:: EXERCISE DATA
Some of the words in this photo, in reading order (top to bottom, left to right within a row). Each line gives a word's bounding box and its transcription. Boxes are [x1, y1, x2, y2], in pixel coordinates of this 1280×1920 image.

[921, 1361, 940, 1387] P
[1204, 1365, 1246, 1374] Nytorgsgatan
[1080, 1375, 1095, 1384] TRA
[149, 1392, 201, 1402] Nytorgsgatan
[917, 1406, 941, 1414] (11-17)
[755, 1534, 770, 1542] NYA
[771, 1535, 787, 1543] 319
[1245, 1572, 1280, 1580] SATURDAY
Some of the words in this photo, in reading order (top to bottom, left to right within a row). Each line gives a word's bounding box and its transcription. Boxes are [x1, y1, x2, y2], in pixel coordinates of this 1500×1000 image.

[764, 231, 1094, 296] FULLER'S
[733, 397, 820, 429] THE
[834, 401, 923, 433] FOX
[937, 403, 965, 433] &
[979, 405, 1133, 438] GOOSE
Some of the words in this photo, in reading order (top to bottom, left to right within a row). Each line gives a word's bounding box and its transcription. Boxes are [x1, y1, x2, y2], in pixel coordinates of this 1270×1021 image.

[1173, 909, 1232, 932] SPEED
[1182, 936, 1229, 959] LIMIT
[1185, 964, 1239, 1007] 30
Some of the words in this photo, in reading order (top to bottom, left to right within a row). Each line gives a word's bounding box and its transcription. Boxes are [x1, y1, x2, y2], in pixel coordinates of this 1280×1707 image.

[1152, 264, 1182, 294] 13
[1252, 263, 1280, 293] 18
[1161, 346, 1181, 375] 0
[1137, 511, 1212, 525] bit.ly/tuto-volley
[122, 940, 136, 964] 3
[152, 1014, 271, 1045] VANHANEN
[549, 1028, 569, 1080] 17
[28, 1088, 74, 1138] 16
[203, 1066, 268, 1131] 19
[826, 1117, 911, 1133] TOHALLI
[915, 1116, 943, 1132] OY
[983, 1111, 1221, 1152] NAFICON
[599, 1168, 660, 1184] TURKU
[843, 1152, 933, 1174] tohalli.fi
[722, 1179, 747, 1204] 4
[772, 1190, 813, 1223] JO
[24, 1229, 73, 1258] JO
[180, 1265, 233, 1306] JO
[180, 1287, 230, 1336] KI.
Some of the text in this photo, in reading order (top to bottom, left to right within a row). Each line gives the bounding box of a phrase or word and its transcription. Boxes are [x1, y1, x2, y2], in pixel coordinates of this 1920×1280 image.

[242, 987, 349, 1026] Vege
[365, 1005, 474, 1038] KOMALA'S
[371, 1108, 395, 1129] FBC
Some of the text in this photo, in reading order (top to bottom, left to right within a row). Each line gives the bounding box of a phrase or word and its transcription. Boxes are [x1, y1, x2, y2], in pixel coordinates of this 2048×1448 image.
::::
▸ WORK ITEM: Copy the lines above exactly, leaving every word as it is.

▸ RESULT FOR THIS EXERCISE:
Some of the words in this photo, in reading order (top to bottom, left to right within a row). Each line gives a word's bounding box and its transcription. Boxes are [x1, y1, x2, y2], in pixel coordinates of this 1280×1920 image.

[921, 1361, 940, 1387] P
[1204, 1365, 1246, 1374] Nytorgsgatan
[1080, 1375, 1095, 1384] TRA
[149, 1392, 201, 1402] Nytorgsgatan
[917, 1406, 941, 1414] (11-17)
[755, 1534, 770, 1542] NYA
[771, 1535, 787, 1543] 319
[1245, 1572, 1280, 1580] SATURDAY
Some of the words in this photo, in reading order (top to bottom, left to right within a row). Each line gives a word's bounding box and its transcription. Boxes are [x1, y1, x2, y2], in pixel coordinates of this 1500×1000 image.

[764, 231, 1094, 296] FULLER'S
[733, 397, 820, 429] THE
[834, 401, 923, 433] FOX
[937, 403, 965, 433] &
[979, 405, 1133, 438] GOOSE
Some of the words in this photo, in reading order (top to bottom, left to right within a row). Each line gives a word's bounding box and its transcription. Boxes are [x1, y1, x2, y2], in pixel coordinates of this 1270×1021 image.

[1173, 909, 1232, 932] SPEED
[1182, 936, 1229, 959] LIMIT
[1185, 964, 1239, 1007] 30
Some of the words in this photo, in reading order (top to bottom, left to right within a row). Each line gives a word's bounding box and its transcription. Boxes are [x1, y1, x2, y2], in pixel coordinates of this 1280×1707 image.

[1152, 264, 1182, 294] 13
[1252, 263, 1280, 293] 18
[1161, 346, 1181, 375] 0
[1137, 511, 1212, 525] bit.ly/tuto-volley
[122, 940, 136, 964] 3
[152, 1014, 271, 1045] VANHANEN
[549, 1028, 569, 1080] 17
[28, 1088, 74, 1138] 16
[203, 1066, 268, 1131] 19
[826, 1117, 911, 1133] TOHALLI
[915, 1116, 943, 1132] OY
[983, 1111, 1221, 1152] NAFICON
[599, 1168, 660, 1184] TURKU
[843, 1152, 933, 1174] tohalli.fi
[722, 1179, 747, 1204] 4
[772, 1190, 813, 1223] JO
[24, 1229, 73, 1258] JO
[180, 1265, 233, 1306] JO
[180, 1287, 230, 1336] KI.
Some of the text in this photo, in reading order (top to bottom, left to right within a row). Each line gives the bounding box of a phrase or word and its transcription. Boxes are [x1, y1, x2, y2], in pixel coordinates of this 1920×1280 image.

[242, 987, 349, 1026] Vege
[365, 1005, 474, 1038] KOMALA'S
[371, 1108, 395, 1129] FBC
Some of the text in this photo, in reading order (top to bottom, left to right within a row). Each line gives the bounding box of a phrase or word and its transcription. Boxes are [x1, y1, x2, y2], in pixel coordinates of this 2048×1448 image.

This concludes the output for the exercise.